▶ **Data section**:
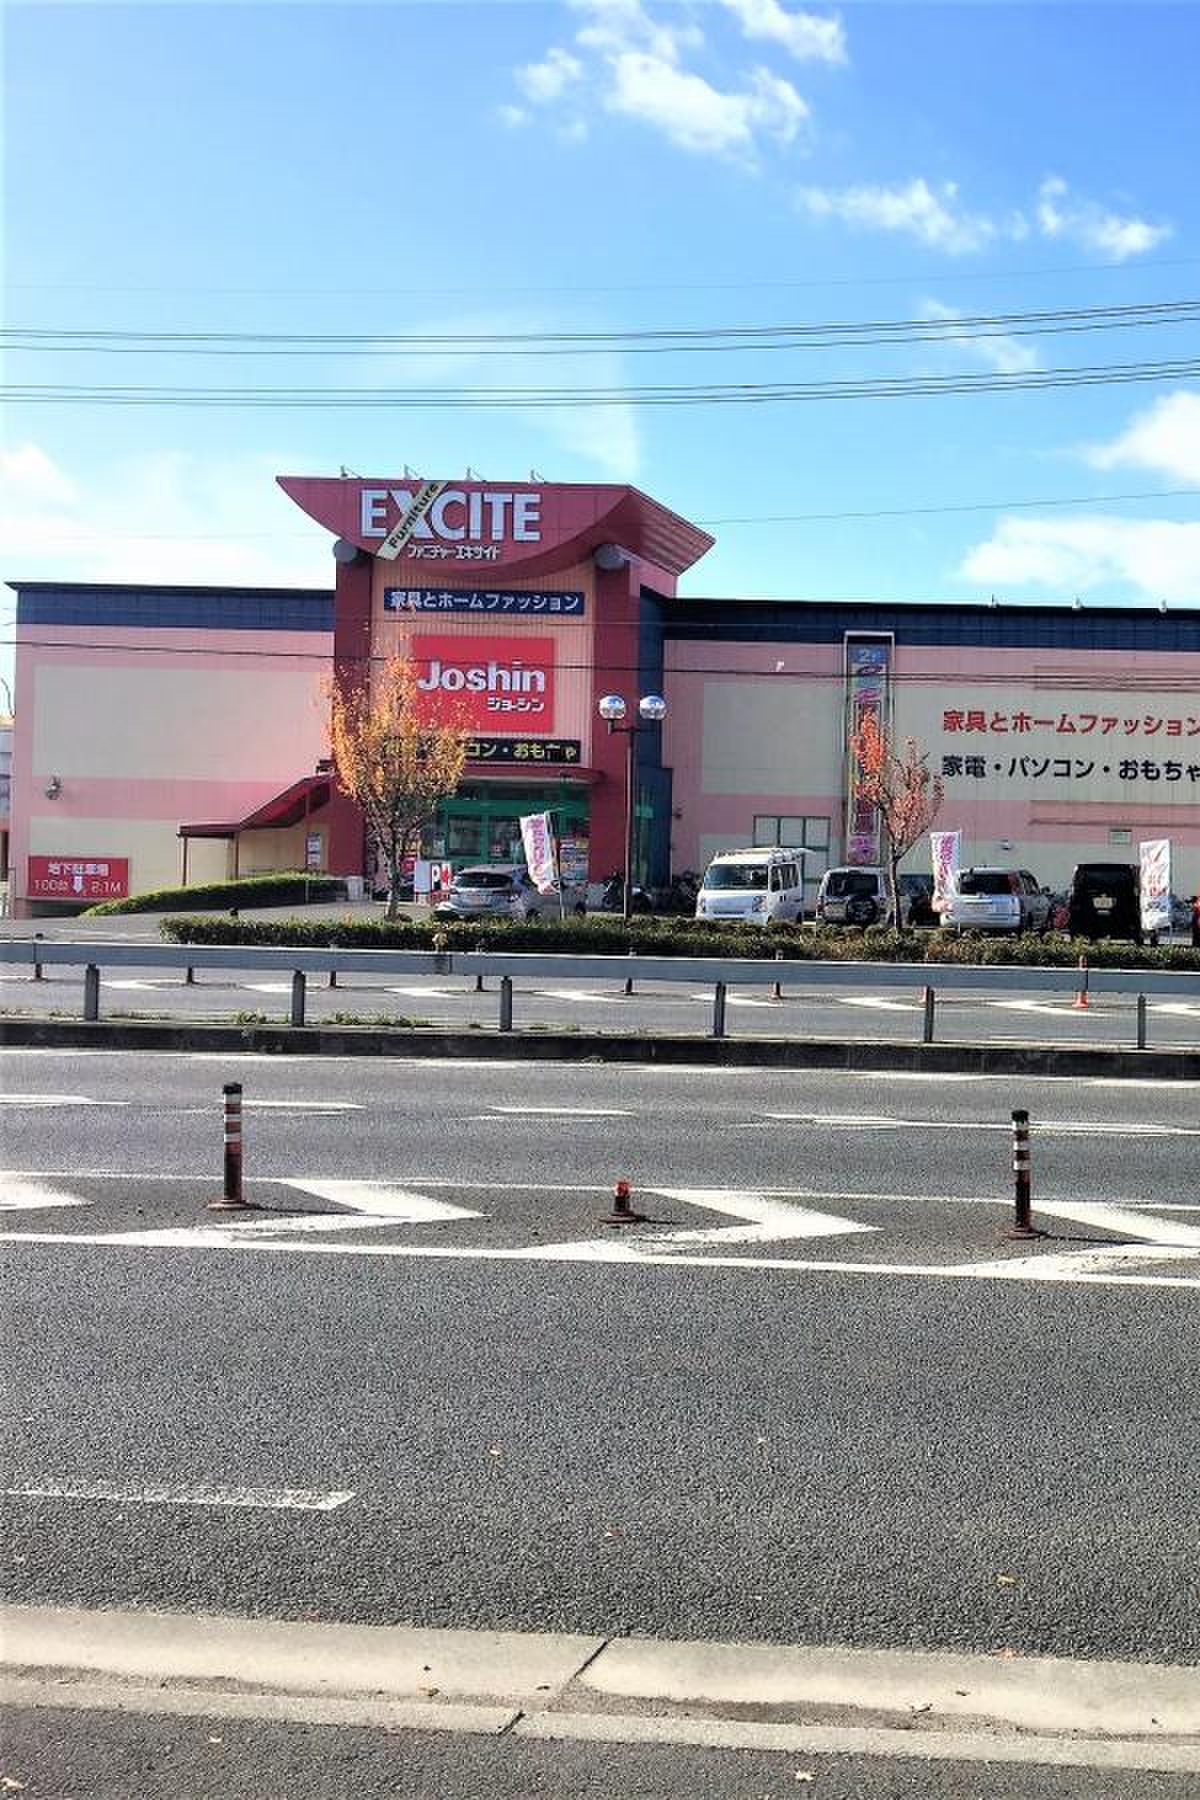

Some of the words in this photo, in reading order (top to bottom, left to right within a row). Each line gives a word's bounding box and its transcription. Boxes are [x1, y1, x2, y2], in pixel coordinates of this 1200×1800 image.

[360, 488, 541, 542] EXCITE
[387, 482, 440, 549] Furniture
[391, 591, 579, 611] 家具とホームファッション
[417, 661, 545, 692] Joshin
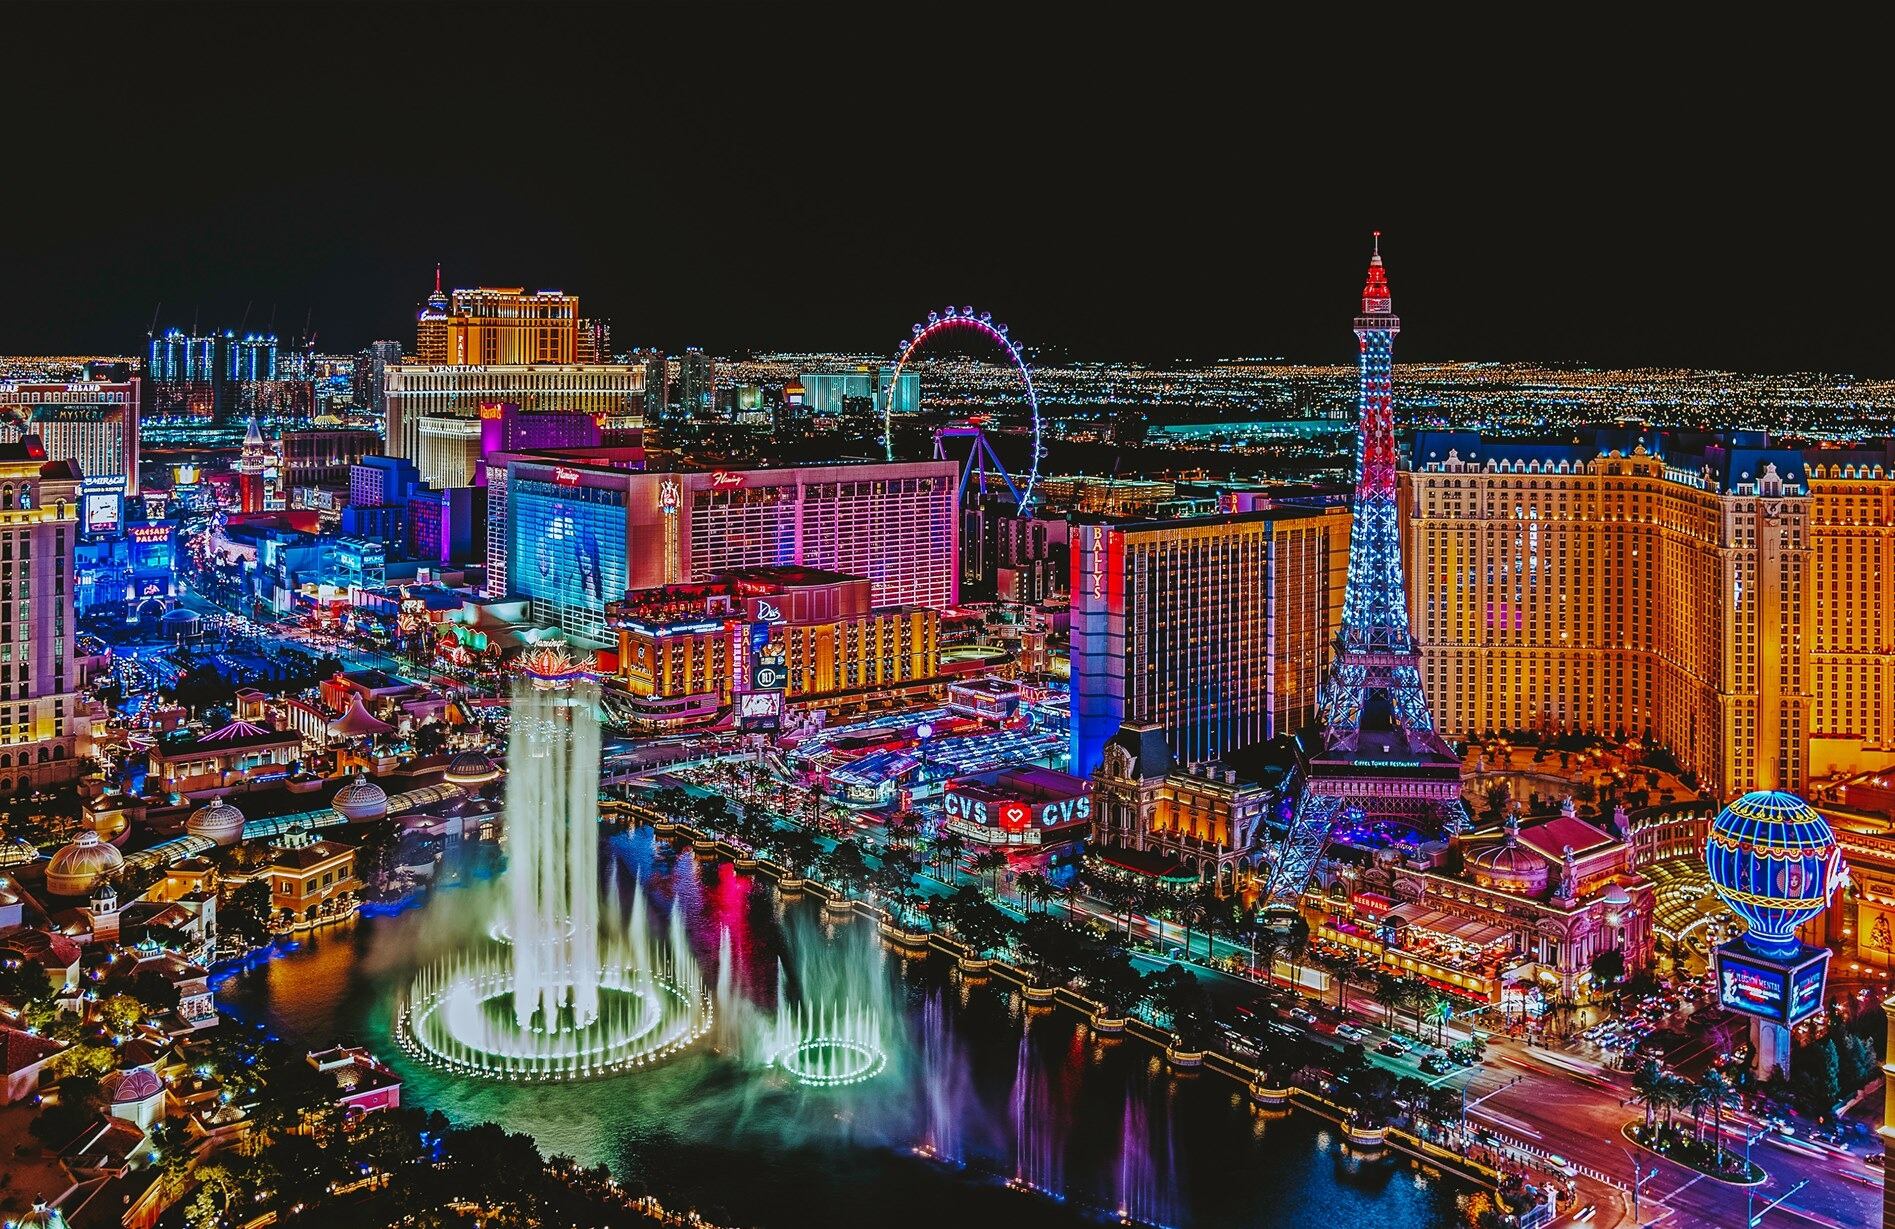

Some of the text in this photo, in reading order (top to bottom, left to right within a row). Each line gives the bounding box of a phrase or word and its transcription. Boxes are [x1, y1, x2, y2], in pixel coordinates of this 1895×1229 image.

▶ **Problem statement**: Return the complete material exactly as given, excluding images.

▶ **Result for this task**:
Some of the words in this photo, in reading order (top to bottom, left to right within a row). Each line gives a word's bounding box and its transcription. Boxes are [x1, y1, x2, y2], in pixel coordinates of this 1200×1800 image.

[360, 488, 541, 542] EXCITE
[387, 482, 440, 549] Furniture
[391, 591, 579, 611] 家具とホームファッション
[417, 661, 545, 692] Joshin

Some of the text in this photo, in reading order (top to bottom, left to right within a row). Each line gives the bounding box of a phrase or word and its transcription. Boxes are [x1, y1, x2, y2], in pixel coordinates of this 1895×1229 image.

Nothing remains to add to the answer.